Take a look at the African startup scene. So many small-ish companies? Is there something in the water?
As someone who used to run a “now failed” start-up, i can wager that it boils down to a some of these reasons
- Inadequate/Limited resources.
- Poor Marketing Strategy
- Running Costs
- The problem of getting lost in the Scale
- Analysis Paralysis
I’m not overly enthused about owning a start-up now or in the nearest future. Just want my experience to become to faded to remember before i try that again.
Mostly due to lack of patience, experience coupled with not enough money. And if it is B2B, its usually more of a lack of relationship saga.
It’s quite interesting that there’s large number of views on this thread but only 2 responses. Considering that most (if not all) of us currently using the radar run one start-up or the other and pray that our start-up grow, even though it’s just as big as Konga (let’s leave Facebook and Twitter out for now).
LOOOL!
What’s the problem my people?! Are you too scared that you would be the one who says the things that aren’t generally accepted and is side-lined and called-out because of it? Are you afraid of doing the hard thing of talking about the things that you think, might be our problems, despite the fact that you already hush them to your co “start-up CEO”?
LOOOOL.
It’s just all so funny to me, because y’all can’t tell me that y’all ain’t interested in growing into very big companies, across Africa and beyond! C’mon no one is calling y’all out here. Have you read the rules? this is the radar.

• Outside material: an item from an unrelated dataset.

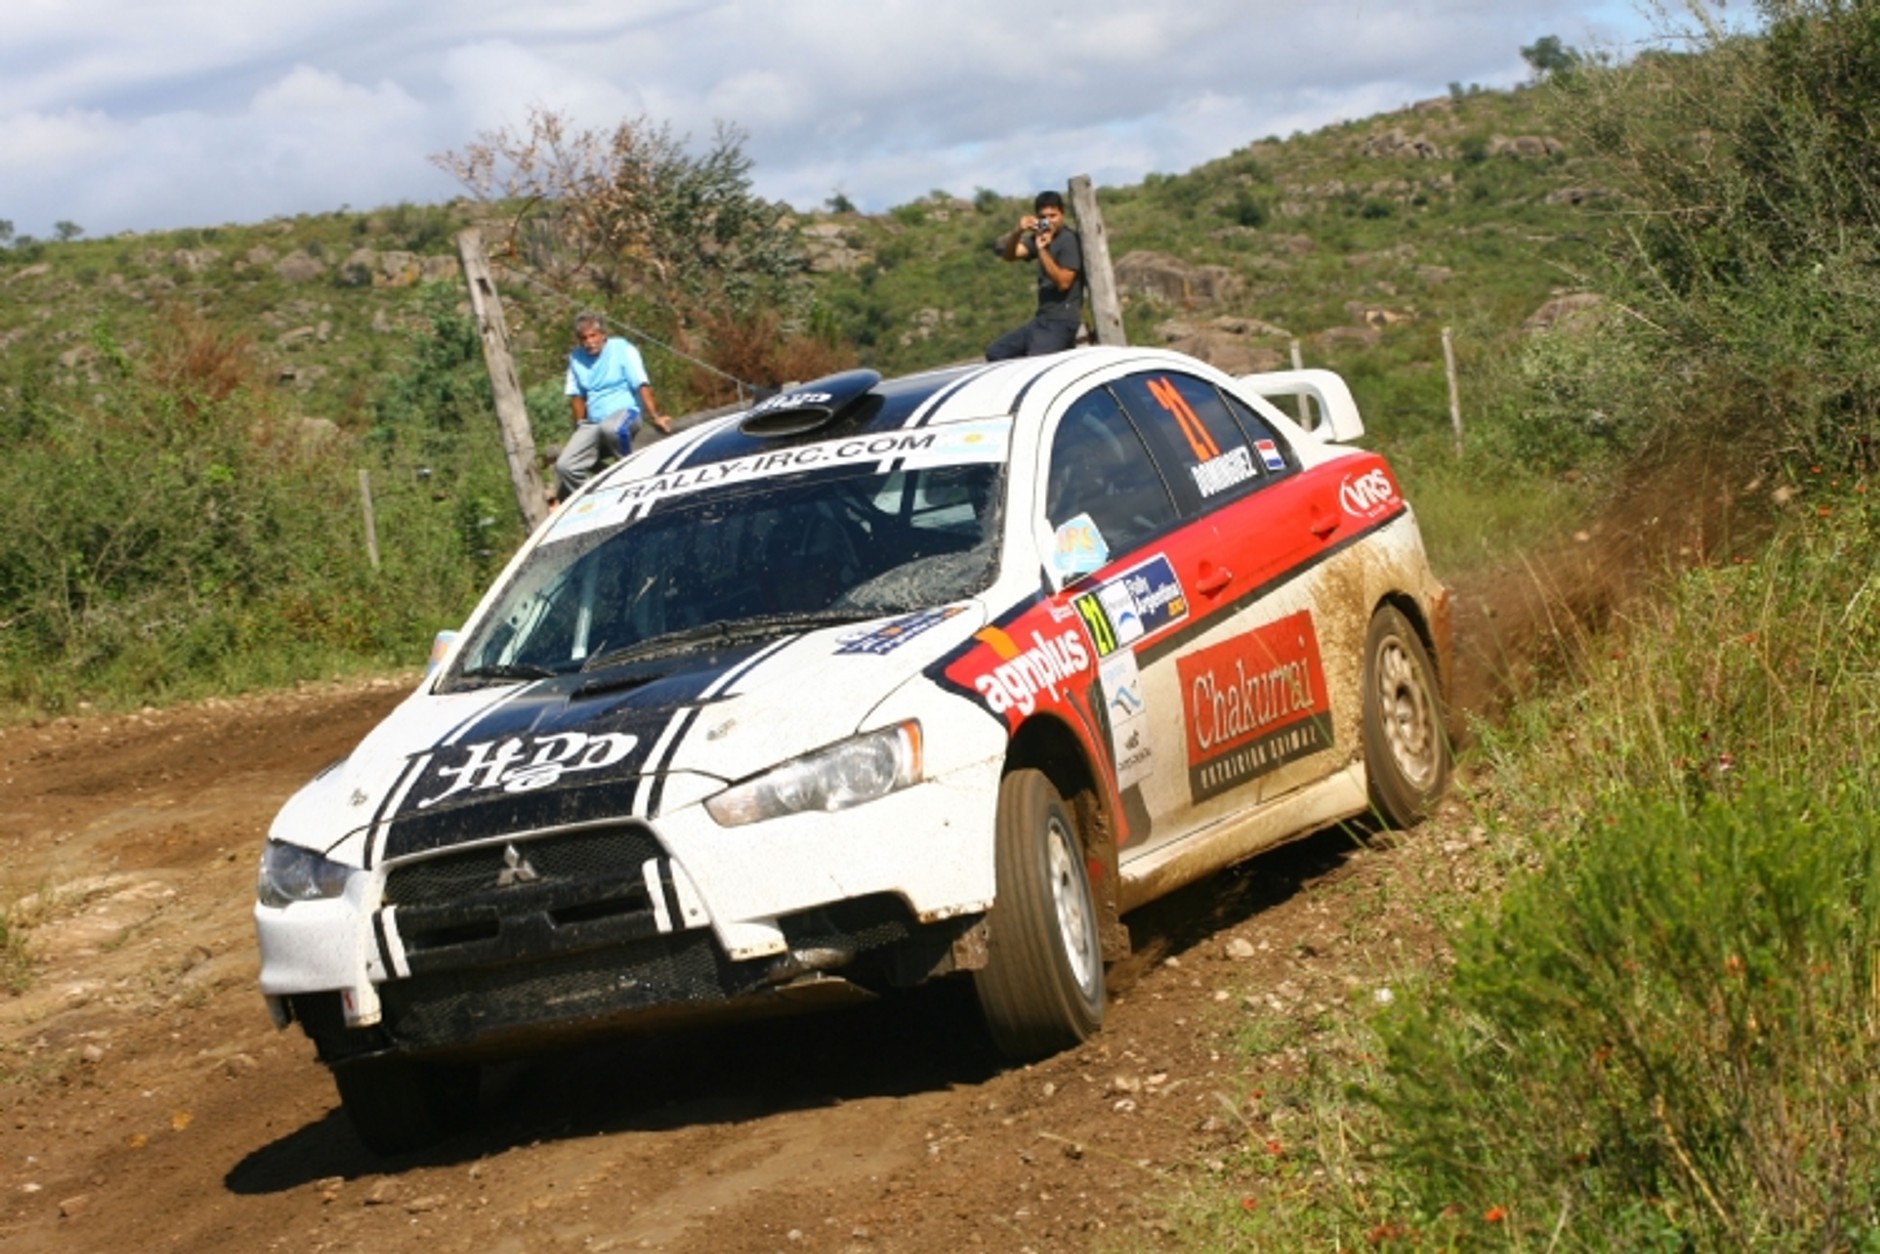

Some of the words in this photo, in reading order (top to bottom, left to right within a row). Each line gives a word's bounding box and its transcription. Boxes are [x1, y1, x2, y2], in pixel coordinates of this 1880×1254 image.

My answer simply is Hunger. We don’t want it bad enough. I have been pondering the past few days on the audacity one needs to have in thinking of starting a billion dollar startup in the US. It is either naivete or just plain foolishness, but alas many succeed.

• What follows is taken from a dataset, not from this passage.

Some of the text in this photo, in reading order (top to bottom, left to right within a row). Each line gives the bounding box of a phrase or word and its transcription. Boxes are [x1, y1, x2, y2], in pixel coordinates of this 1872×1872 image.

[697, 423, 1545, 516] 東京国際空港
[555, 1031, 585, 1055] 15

Aside from alot of “reasons” if we are honest deep down, we really don’t want the BHAG bad enough. The sad reality is that many “startup founders” will be content with 1 million dollars yearly revenue if it is assured for eternity, there is nothing Big, Hairy or Audacious about that.
It is time to slaughter the local champions!
LOOL, I actually wrote my comment before reading yours, don’t leave Facebook and Twitter out oh.
Dude, It’s a question for all including you
Lol at views but no responses.
The fact is that Africa is not yet truly in the Internet age. We are one leg in, one leg out. I think the first thing is to note that there are success stories (although far and few in-between) e.g Jobberman, iRoko etc. So rapid growth is a possibility.
But there are a myriad of reasons why other startups might stay small. My 2 cents:
- Consumer behavior: I believe Africans are trendy (euphemism for slow adopters). We tend to hop on things when they’re exploding or when they have hype.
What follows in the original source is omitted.